• What you need to do: Write all of the entries again. Keep them exactly as they are.

• Extracted records:
________

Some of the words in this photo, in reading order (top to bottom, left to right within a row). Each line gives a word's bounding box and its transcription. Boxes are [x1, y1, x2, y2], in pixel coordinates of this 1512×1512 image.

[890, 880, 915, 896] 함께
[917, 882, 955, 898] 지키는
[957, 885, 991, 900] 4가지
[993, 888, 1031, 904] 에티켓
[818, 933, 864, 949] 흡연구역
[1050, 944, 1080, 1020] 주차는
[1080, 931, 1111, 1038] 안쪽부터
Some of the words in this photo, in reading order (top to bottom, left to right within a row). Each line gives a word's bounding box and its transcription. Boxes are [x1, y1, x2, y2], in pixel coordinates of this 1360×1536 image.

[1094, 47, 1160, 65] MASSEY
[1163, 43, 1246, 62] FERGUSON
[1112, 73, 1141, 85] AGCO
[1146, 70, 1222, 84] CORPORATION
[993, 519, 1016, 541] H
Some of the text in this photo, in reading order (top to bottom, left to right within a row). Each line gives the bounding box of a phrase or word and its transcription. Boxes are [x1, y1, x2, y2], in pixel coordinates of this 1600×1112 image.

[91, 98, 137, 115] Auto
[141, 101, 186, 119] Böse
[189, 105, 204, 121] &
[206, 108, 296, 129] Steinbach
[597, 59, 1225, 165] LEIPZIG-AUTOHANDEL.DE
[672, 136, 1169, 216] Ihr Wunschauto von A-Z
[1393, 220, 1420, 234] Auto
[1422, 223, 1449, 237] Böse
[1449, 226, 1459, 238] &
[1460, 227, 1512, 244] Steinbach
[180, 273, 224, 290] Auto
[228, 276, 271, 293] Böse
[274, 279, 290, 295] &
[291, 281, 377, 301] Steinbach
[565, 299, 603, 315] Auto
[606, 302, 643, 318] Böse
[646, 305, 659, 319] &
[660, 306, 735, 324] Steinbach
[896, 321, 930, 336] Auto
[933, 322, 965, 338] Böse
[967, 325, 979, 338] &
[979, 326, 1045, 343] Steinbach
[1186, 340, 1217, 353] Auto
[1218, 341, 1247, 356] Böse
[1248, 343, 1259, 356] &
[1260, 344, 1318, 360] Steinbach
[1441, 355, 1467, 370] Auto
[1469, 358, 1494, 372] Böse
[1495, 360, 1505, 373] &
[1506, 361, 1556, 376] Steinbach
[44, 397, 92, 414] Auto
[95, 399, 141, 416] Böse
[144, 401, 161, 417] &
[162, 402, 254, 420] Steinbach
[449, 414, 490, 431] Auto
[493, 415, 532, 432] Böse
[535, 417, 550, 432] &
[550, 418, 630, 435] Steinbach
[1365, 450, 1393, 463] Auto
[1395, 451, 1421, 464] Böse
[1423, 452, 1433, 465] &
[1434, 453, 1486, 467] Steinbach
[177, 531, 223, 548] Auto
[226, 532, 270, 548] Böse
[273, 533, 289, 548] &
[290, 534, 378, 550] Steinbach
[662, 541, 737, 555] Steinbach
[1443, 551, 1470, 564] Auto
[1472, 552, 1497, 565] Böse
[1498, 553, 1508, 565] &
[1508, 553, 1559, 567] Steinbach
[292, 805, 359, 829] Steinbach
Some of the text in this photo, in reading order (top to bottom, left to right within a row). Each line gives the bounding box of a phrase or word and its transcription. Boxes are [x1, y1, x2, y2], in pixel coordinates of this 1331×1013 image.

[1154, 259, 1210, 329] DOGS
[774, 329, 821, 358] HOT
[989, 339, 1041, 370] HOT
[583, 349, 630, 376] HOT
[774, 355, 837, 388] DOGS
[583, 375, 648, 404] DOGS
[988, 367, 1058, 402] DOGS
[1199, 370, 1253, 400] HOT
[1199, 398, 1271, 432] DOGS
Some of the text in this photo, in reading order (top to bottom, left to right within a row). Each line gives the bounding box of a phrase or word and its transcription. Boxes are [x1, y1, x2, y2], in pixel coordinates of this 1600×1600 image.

________

• Completed task:
Some of the words in this photo, in reading order (top to bottom, left to right within a row). Each line gives a word's bounding box and its transcription. Boxes are [x1, y1, x2, y2], in pixel coordinates of this 1512×1512 image.

[890, 880, 915, 896] 함께
[917, 882, 955, 898] 지키는
[957, 885, 991, 900] 4가지
[993, 888, 1031, 904] 에티켓
[818, 933, 864, 949] 흡연구역
[1050, 944, 1080, 1020] 주차는
[1080, 931, 1111, 1038] 안쪽부터
Some of the words in this photo, in reading order (top to bottom, left to right within a row). Each line gives a word's bounding box and its transcription. Boxes are [x1, y1, x2, y2], in pixel coordinates of this 1360×1536 image.

[1094, 47, 1160, 65] MASSEY
[1163, 43, 1246, 62] FERGUSON
[1112, 73, 1141, 85] AGCO
[1146, 70, 1222, 84] CORPORATION
[993, 519, 1016, 541] H
Some of the text in this photo, in reading order (top to bottom, left to right within a row). Each line gives the bounding box of a phrase or word and its transcription. Boxes are [x1, y1, x2, y2], in pixel coordinates of this 1600×1112 image.

[91, 98, 137, 115] Auto
[141, 101, 186, 119] Böse
[189, 105, 204, 121] &
[206, 108, 296, 129] Steinbach
[597, 59, 1225, 165] LEIPZIG-AUTOHANDEL.DE
[672, 136, 1169, 216] Ihr Wunschauto von A-Z
[1393, 220, 1420, 234] Auto
[1422, 223, 1449, 237] Böse
[1449, 226, 1459, 238] &
[1460, 227, 1512, 244] Steinbach
[180, 273, 224, 290] Auto
[228, 276, 271, 293] Böse
[274, 279, 290, 295] &
[291, 281, 377, 301] Steinbach
[565, 299, 603, 315] Auto
[606, 302, 643, 318] Böse
[646, 305, 659, 319] &
[660, 306, 735, 324] Steinbach
[896, 321, 930, 336] Auto
[933, 322, 965, 338] Böse
[967, 325, 979, 338] &
[979, 326, 1045, 343] Steinbach
[1186, 340, 1217, 353] Auto
[1218, 341, 1247, 356] Böse
[1248, 343, 1259, 356] &
[1260, 344, 1318, 360] Steinbach
[1441, 355, 1467, 370] Auto
[1469, 358, 1494, 372] Böse
[1495, 360, 1505, 373] &
[1506, 361, 1556, 376] Steinbach
[44, 397, 92, 414] Auto
[95, 399, 141, 416] Böse
[144, 401, 161, 417] &
[162, 402, 254, 420] Steinbach
[449, 414, 490, 431] Auto
[493, 415, 532, 432] Böse
[535, 417, 550, 432] &
[550, 418, 630, 435] Steinbach
[1365, 450, 1393, 463] Auto
[1395, 451, 1421, 464] Böse
[1423, 452, 1433, 465] &
[1434, 453, 1486, 467] Steinbach
[177, 531, 223, 548] Auto
[226, 532, 270, 548] Böse
[273, 533, 289, 548] &
[290, 534, 378, 550] Steinbach
[662, 541, 737, 555] Steinbach
[1443, 551, 1470, 564] Auto
[1472, 552, 1497, 565] Böse
[1498, 553, 1508, 565] &
[1508, 553, 1559, 567] Steinbach
[292, 805, 359, 829] Steinbach
Some of the text in this photo, in reading order (top to bottom, left to right within a row). Each line gives the bounding box of a phrase or word and its transcription. Boxes are [x1, y1, x2, y2], in pixel coordinates of this 1331×1013 image.

[1154, 259, 1210, 329] DOGS
[774, 329, 821, 358] HOT
[989, 339, 1041, 370] HOT
[583, 349, 630, 376] HOT
[774, 355, 837, 388] DOGS
[583, 375, 648, 404] DOGS
[988, 367, 1058, 402] DOGS
[1199, 370, 1253, 400] HOT
[1199, 398, 1271, 432] DOGS
Some of the text in this photo, in reading order (top to bottom, left to right within a row). Each line gives the bounding box of a phrase or word and its transcription. Boxes are [x1, y1, x2, y2], in pixel coordinates of this 1600×1600 image.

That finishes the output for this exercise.